La chapelle royale de Milot, plus qu’un simple édifice, fut un message du Roi au monde occidental pour faire étalage du niveau de civilisation de son peuple. Elle fut aussi un mausolée où fut inhumé, entre autre corps, celui du commandant André Vernet, signataire de l’acte de l’indépendance, Prince des Gonaïves, ministre des finances et de l’intérieur de l’empereur Jacques Ier, et commandant des Gonaïves après l’expulsion des Français. Voilà ce qui lui vaut le titre de « Panthéon » selon le professeur Clorméus, qui enseigne la socio-antropologie des religions à l’Université d’Etat d’Haiti.
Décortiquant le plan architectural du bâtiment construit par l’architecte Chéri Walock, l’ingénieur géologue Claude Prépetie précise ‘’que son style architectural est caractérisé par une rotonde circulaire surmontée d’une coupole de 27.50 mètres de diamètre et par un portique rectangulaire tétrastyle, supporté par quatre colonnes, placées à l’entrée de la façade principale. Le portique est arboré d’un fronton triangulaire étalé sur toute sa largeur.’’ Une précision qui laisse croire la volonté de grandeur et de démonstration qui devait faire titiller les regards des occidentaux de l’époque.

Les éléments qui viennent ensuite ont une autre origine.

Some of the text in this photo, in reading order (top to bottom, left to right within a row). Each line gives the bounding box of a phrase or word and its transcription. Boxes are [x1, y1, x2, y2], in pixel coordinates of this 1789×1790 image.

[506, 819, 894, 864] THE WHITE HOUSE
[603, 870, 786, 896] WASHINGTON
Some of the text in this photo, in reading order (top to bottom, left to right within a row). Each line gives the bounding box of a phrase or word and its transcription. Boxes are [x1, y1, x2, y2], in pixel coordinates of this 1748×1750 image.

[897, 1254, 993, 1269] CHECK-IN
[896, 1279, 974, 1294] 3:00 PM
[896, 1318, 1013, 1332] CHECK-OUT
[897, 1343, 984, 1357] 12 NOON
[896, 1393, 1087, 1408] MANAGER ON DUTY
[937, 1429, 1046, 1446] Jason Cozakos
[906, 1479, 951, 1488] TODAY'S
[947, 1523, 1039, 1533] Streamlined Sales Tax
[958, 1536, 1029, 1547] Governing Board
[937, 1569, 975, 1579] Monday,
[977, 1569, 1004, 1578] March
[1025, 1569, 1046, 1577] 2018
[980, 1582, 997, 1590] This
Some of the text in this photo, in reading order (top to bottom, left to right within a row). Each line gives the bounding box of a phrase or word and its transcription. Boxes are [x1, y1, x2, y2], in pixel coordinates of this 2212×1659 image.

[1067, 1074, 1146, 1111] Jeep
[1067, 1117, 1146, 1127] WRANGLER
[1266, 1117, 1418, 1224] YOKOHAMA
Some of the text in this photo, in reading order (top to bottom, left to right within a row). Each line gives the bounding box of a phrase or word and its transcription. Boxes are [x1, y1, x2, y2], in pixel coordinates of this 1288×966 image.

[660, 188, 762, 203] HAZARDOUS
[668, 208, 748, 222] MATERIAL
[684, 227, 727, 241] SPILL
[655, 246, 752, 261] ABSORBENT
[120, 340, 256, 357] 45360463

En sorte que cette chapelle royale, baptisée des années après, chapelle immaculée conception de Milot, est un symbole fort du génie de l’un des dirigeants les plus visionnaires du pays et de l’histoire glorieuse du peuple haïtien. Ainsi, conscient de ce que représente ce monument culturel et historique pour le pays, le gouvernement de Sténio Vincent, fut le premier à réaliser un travail de restauration du site en 1930.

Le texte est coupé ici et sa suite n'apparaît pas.